The Miami attack has fought in all areas. The unit, led by joint offensive coordinators George Godsey and Eric Studdesville, had to cope with offensive line problems, which eased slightly. But that wasn’t enough for Godsey to name a game that required the quarterback to spend more time in his pocket without maximum protection. And even then it was not safe. The Dolphins defense had early identification problems and had to wait for the rookie pair (Jevon Holland and Jaelan Phillips) to get back on their feet. But they eventually found it, and defense began to flourish in the second half of the season.
Highest Scoring Striker: Receiver Jaylen Waddle
The Dolphins gave up a future pick in the first round to gain the opportunity to acquire Waddle after trading from 3rd pick for the San Francisco 49ers. The performance of the former standout Alabama player proved he was worth it. Waddle set a new NFL rookie record with 104 hits, which he turned into 1,015 receiving yards and seven touchdowns. It will be interesting to see what Waddle is capable of as the Dolphins build a better offensive line and put more playmakers around him.
Highest Scoring Defender: Cornerback Xavien Howard
Howard didn’t have a season worthy of being the league’s best defender in 2020, but he was undoubtedly the Dolphins’ best player in 2021 – he was a game changer by capturing victories, creating grip losses and scoring points. More importantly, this was his second healthy season in a row, with 50 tackles, five interceptions, one sack, two forced fumbles and two fumble rebounds. The Dolphins will need to adjust Howard’s paycheck in 2022 to keep him happy – and so he doesn’t demand an exchange like he did last July.
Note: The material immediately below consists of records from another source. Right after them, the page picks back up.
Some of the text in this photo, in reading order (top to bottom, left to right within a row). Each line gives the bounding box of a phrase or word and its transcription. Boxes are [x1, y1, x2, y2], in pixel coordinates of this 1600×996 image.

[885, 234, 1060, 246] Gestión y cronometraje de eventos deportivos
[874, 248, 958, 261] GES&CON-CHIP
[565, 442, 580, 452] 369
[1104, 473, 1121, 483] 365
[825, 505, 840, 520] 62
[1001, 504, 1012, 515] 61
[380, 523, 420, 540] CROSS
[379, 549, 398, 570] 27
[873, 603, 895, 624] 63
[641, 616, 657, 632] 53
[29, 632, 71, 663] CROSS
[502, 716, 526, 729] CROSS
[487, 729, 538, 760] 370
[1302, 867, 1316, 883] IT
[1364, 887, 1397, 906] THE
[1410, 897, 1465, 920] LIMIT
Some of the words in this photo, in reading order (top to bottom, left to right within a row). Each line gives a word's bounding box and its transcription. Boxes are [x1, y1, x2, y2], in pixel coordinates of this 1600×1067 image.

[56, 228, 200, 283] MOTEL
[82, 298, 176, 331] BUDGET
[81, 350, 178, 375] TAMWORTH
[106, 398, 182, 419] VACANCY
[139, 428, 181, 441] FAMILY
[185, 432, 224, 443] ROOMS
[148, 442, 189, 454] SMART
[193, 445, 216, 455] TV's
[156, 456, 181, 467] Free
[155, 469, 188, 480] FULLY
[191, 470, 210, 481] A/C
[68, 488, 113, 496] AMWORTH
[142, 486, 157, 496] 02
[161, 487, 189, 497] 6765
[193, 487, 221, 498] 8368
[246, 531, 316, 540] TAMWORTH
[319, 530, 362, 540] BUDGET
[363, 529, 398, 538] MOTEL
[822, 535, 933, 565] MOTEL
Biggest Surprise: Flores gets beaten
Miami recovered from a 1-7 start and won seven games in a row, spending the last month of the season in the playoff mix. Flores made sure the dressing room was glued together and the team didn’t give up. Miami has found a way to win eight of the last nine games of the season by following suit. Although Flores had the franchise’s first consecutive winning seasons since 2002-2003, the Dolphins fired him at the end of the third season due to his difficult personality that made it difficult to work with him.
Biggest disappointment: line of attack
Miami’s offensive line has been the anchor that weighed this team down throughout the season. Everyone in the squad faced difficulties from time to time, and while offensive line coach Lemuel Jeanpierre, who played for the first time on the team, could be used as a scapegoat for the group’s problems, each member must take personal responsibility for how bad the squad looked. … The failure of this unit is not only at Jeanpierre. This also applies to general manager Chris Greer, who has picked five linemen from the first rounds of the last three drafts.